This is going to be my last blog post for a couple of weeks, as I’m going to be busy with other things.

I got some revision suggestions for Hylozoic from my Tor editor, Dave Hartwell. He felt that the first half reads a little slow, and he suggests I put in more chapter breaks to pick up the pace, essentially splitting each of the book’s chapters into 2 or 3 pieces.
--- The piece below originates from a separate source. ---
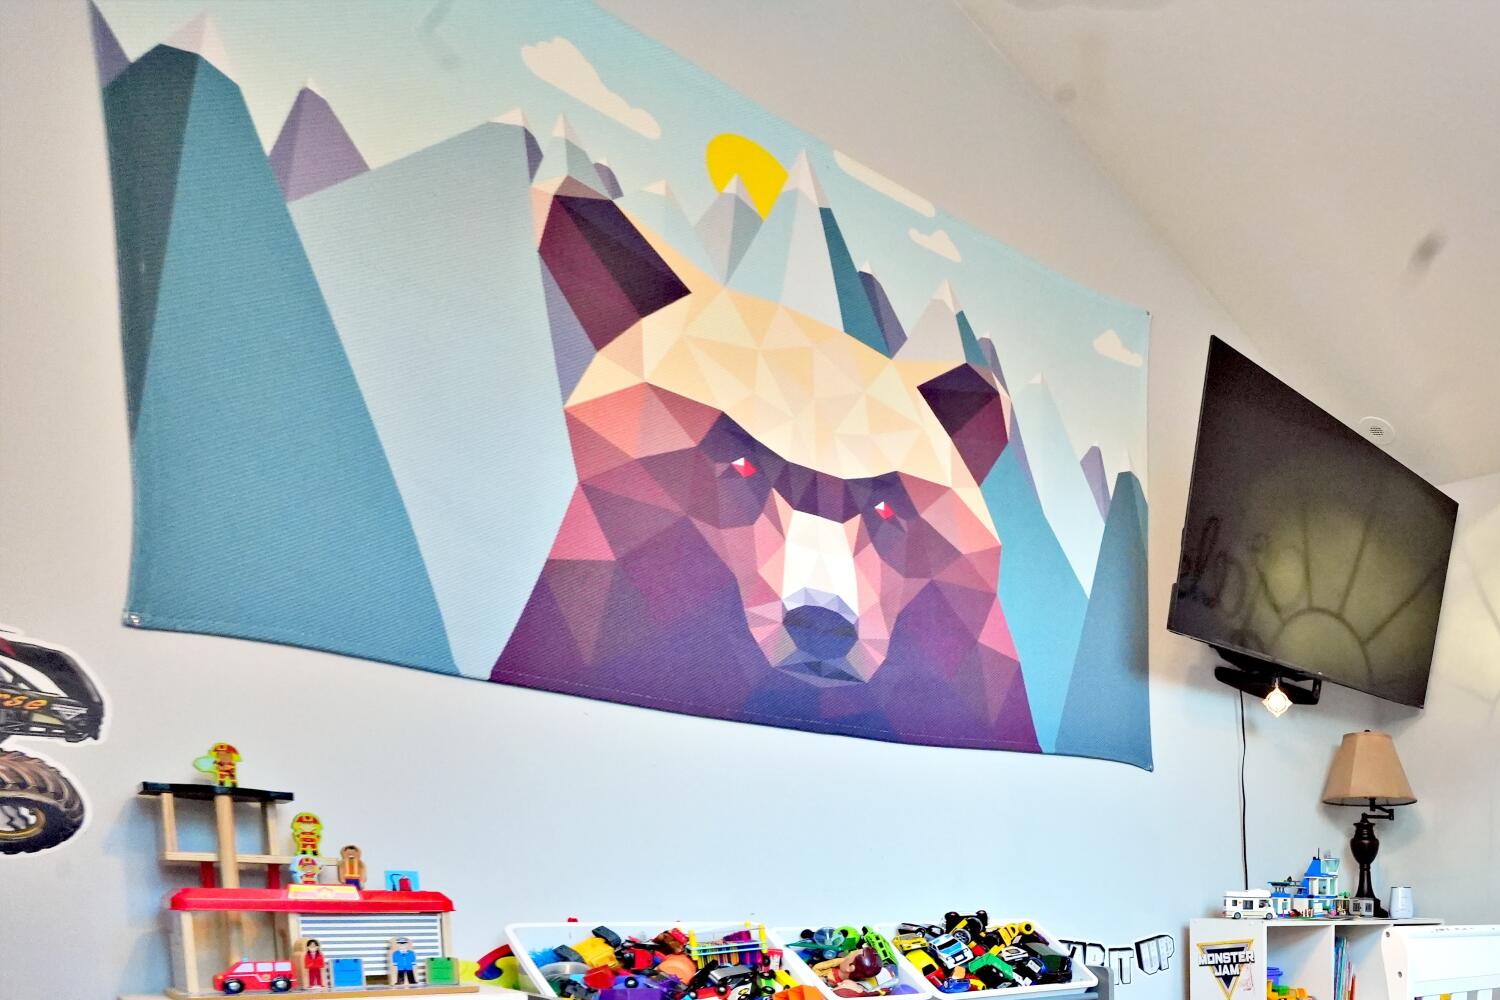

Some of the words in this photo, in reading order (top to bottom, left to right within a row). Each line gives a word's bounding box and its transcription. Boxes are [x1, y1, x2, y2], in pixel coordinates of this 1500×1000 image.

[1134, 934, 1175, 976] UP
[1198, 950, 1255, 967] MONSTER
[1214, 963, 1240, 977] JAM
That’s a good idea, I think readers find it easier to have a book in manageable chunks. When I was composing the book, I was into a “long breath” notion, cf. Jack Kerouac’s notion of a saxophonist playing a very long jazz chorus. I was thinking of each chapter as a kind of novella. But they do contain natural breaks, so it’s not hard to make some splits.

I’ll put in some extra wows at the new chapter ends to give them punch, and I’ll even subdivide some chapters with “***” breaks. At this point I see 19 chapters instead of the 8 I had before. The chapter titles?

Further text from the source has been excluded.